# Entries taken from a collection
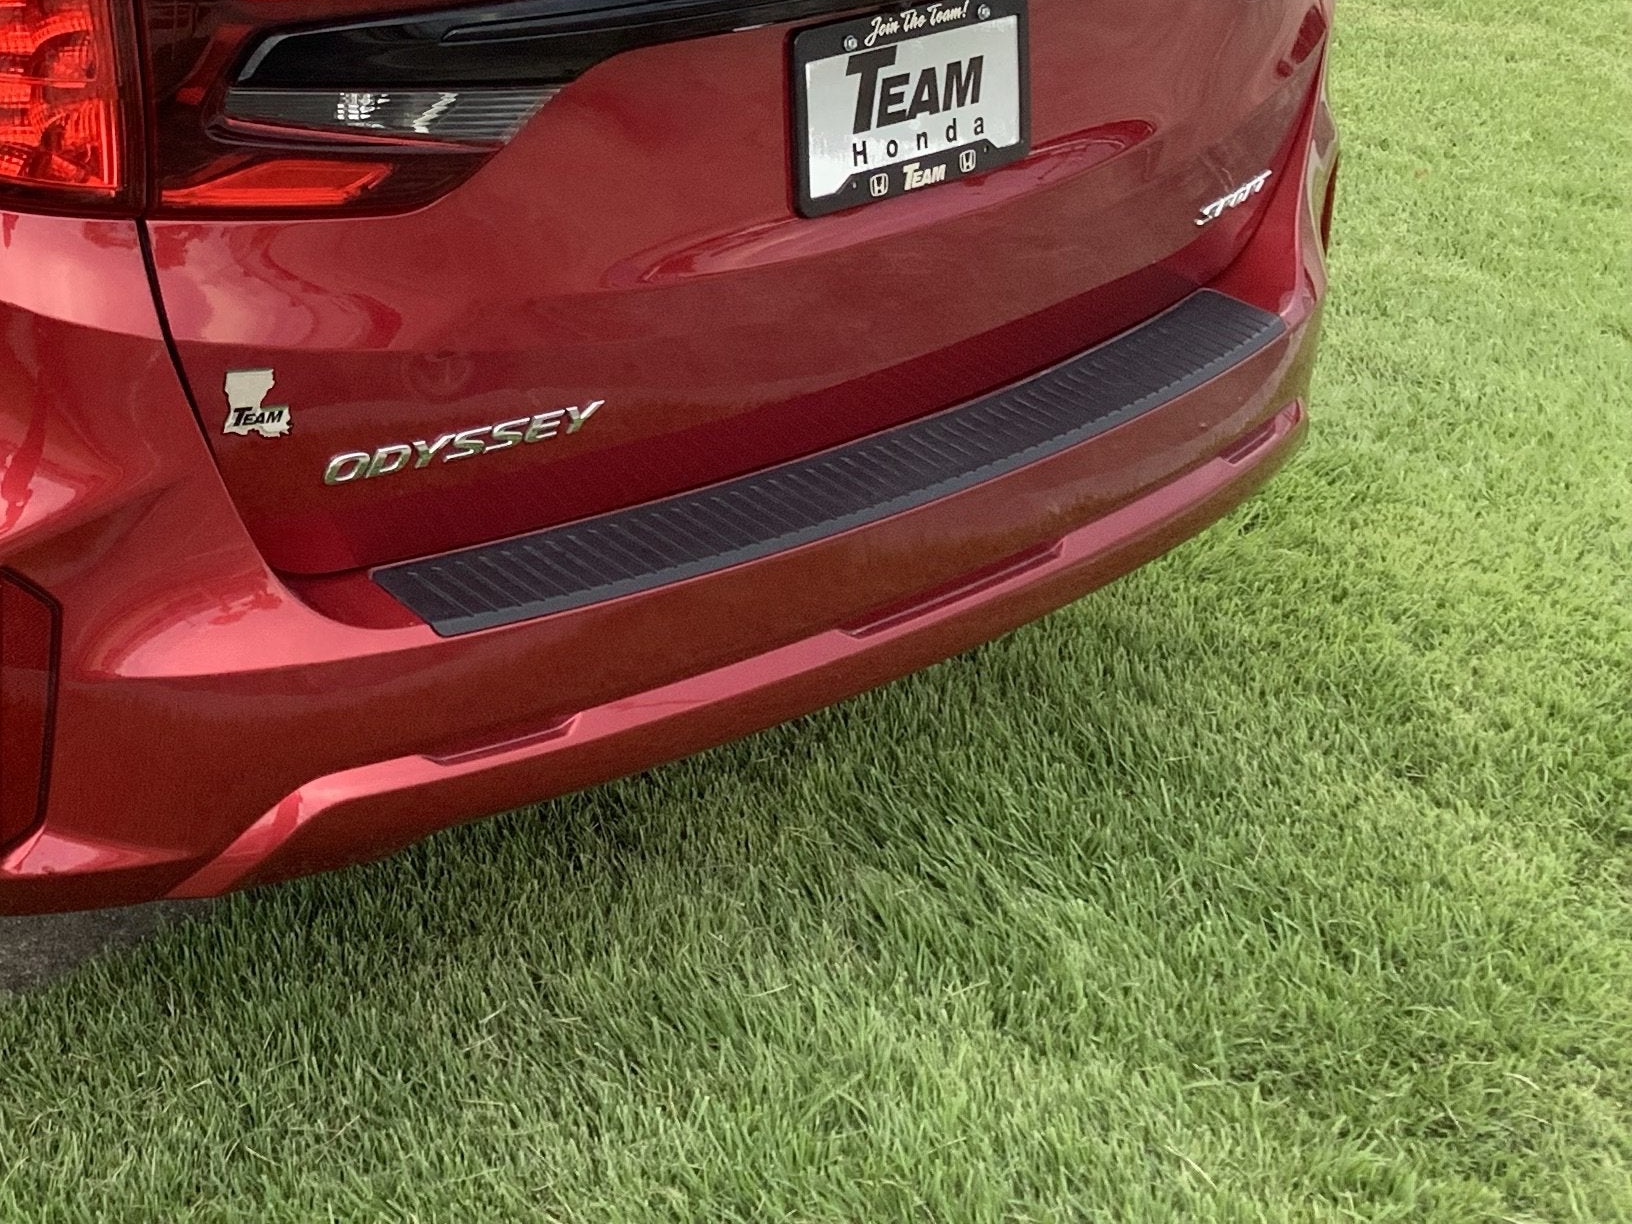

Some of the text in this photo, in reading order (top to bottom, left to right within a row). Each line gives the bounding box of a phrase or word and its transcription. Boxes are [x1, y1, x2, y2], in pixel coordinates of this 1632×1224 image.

[864, 0, 970, 47] Join The Team!
[846, 44, 984, 135] TEAM
[852, 116, 985, 167] Honda
[903, 161, 947, 191] TEAM
[233, 406, 285, 427] TEAM
[322, 399, 606, 486] ODYSSEY

# Work instruction
Output every entry above exactly as written, but omit the pictures.

# Final answer
Some of the text in this photo, in reading order (top to bottom, left to right within a row). Each line gives the bounding box of a phrase or word and its transcription. Boxes are [x1, y1, x2, y2], in pixel coordinates of this 1632×1224 image.

[864, 0, 970, 47] Join The Team!
[846, 44, 984, 135] TEAM
[852, 116, 985, 167] Honda
[903, 161, 947, 191] TEAM
[233, 406, 285, 427] TEAM
[322, 399, 606, 486] ODYSSEY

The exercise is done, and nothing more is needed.